## What you need to do
In the copy, include every record below exactly as it appears, but no pictures.

## Data for processing
------------------------------------------------
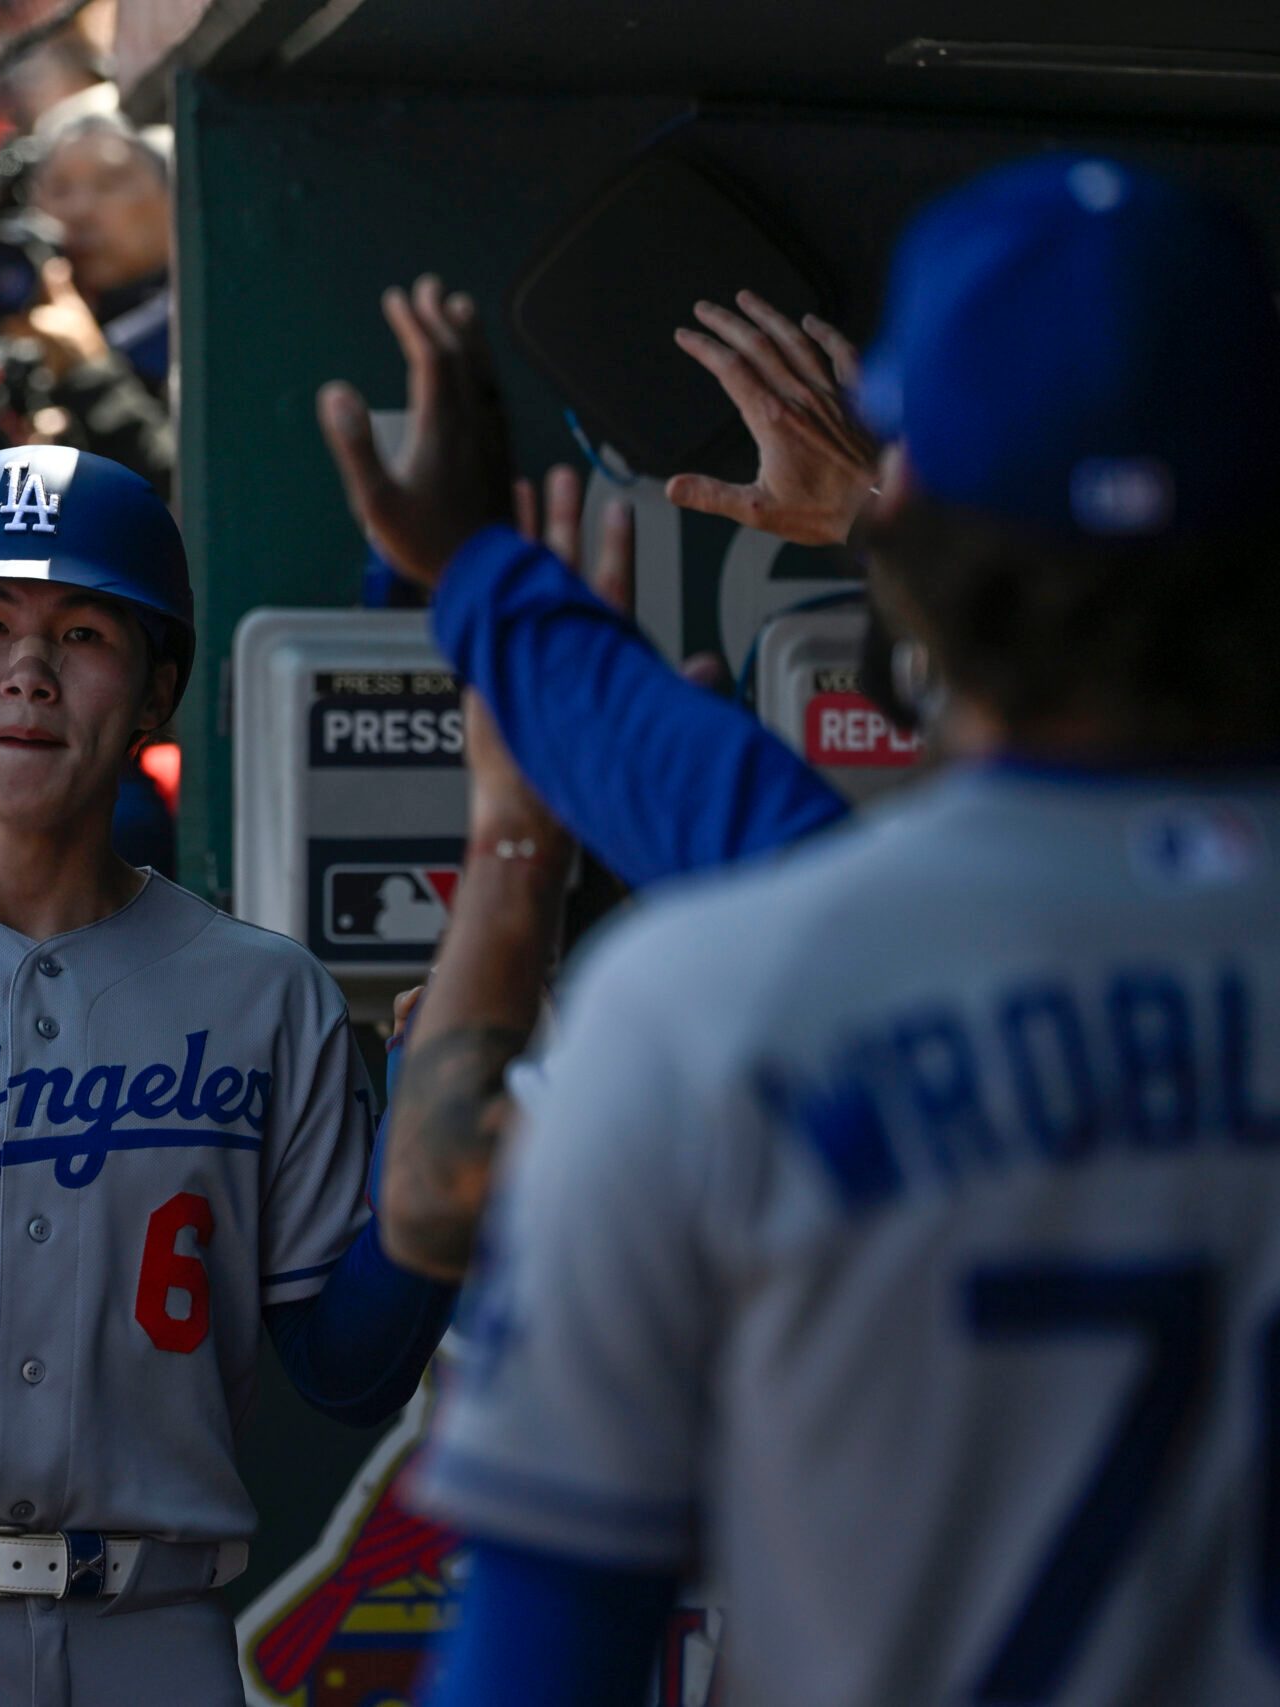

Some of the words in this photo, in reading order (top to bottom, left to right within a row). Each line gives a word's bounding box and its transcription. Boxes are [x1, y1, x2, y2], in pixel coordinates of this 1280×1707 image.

[0, 461, 60, 534] LA
[332, 674, 404, 695] PRESS
[322, 708, 464, 754] PRESS
[819, 708, 918, 754] REPL
[135, 1191, 216, 1355] 6
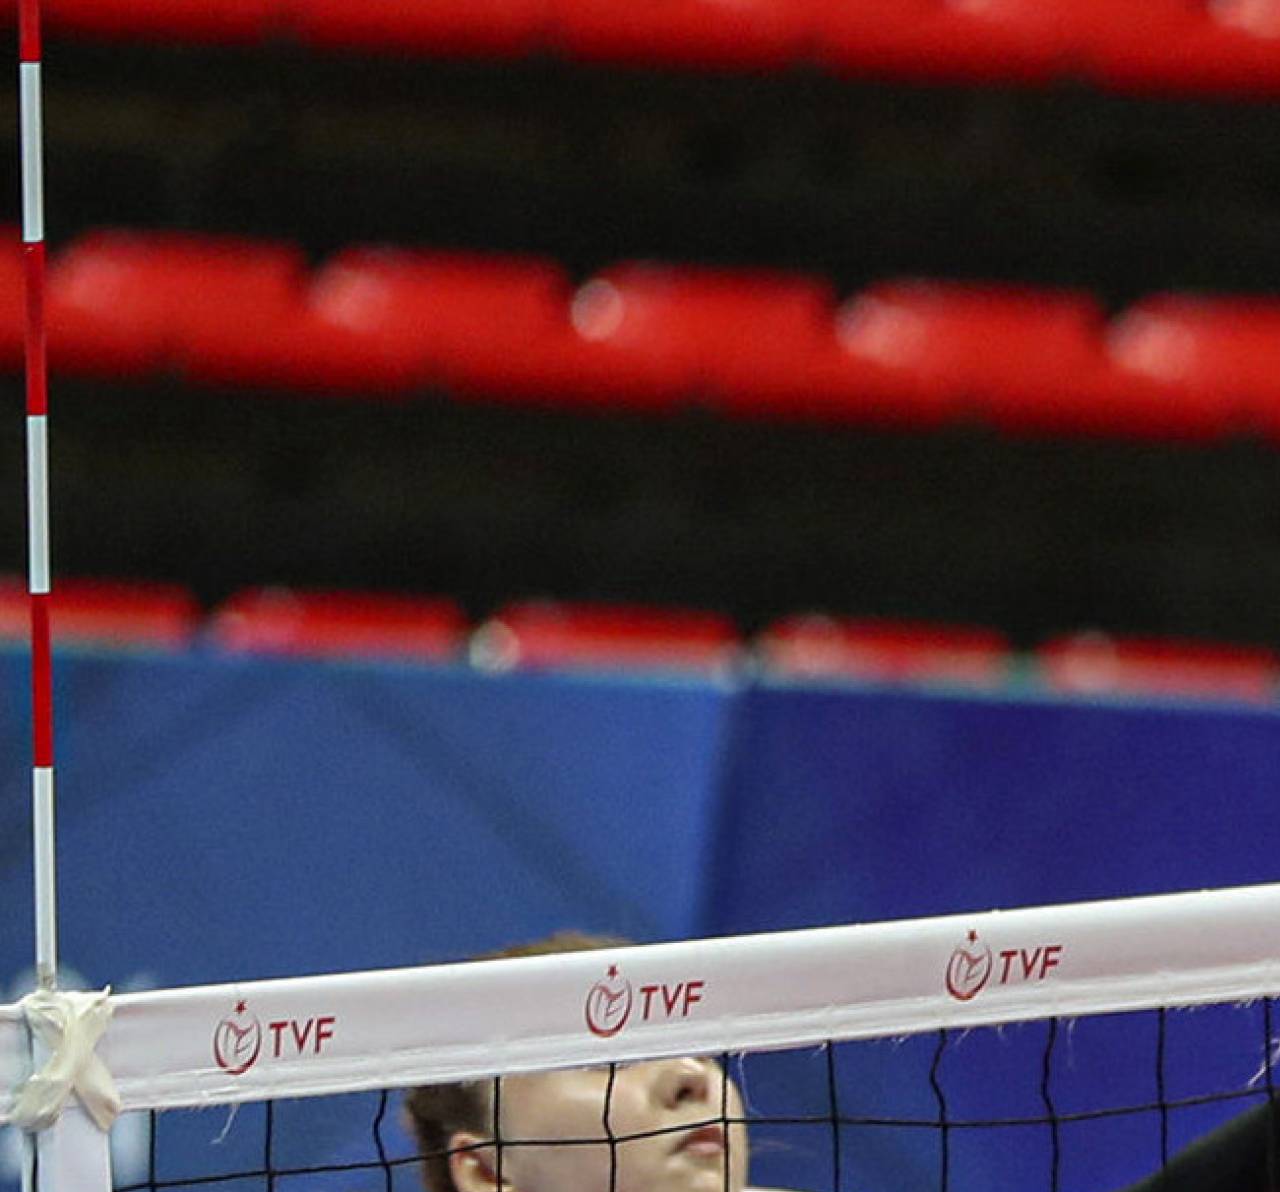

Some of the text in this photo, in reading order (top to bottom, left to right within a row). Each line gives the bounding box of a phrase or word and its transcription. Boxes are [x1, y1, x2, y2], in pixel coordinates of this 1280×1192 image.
------------------------------------------------
## Output below
Some of the words in this photo, in reading order (top to bottom, left to right within a row). Each line gives a word's bounding box and its transcription. Boxes are [x1, y1, x2, y2], in pixel coordinates of this 1280×1707 image.

[0, 461, 60, 534] LA
[332, 674, 404, 695] PRESS
[322, 708, 464, 754] PRESS
[819, 708, 918, 754] REPL
[135, 1191, 216, 1355] 6

Some of the text in this photo, in reading order (top to bottom, left to right within a row). Each line gives the bounding box of a phrase or word and its transcription. Boxes are [x1, y1, x2, y2], in pixel coordinates of this 1280×1192 image.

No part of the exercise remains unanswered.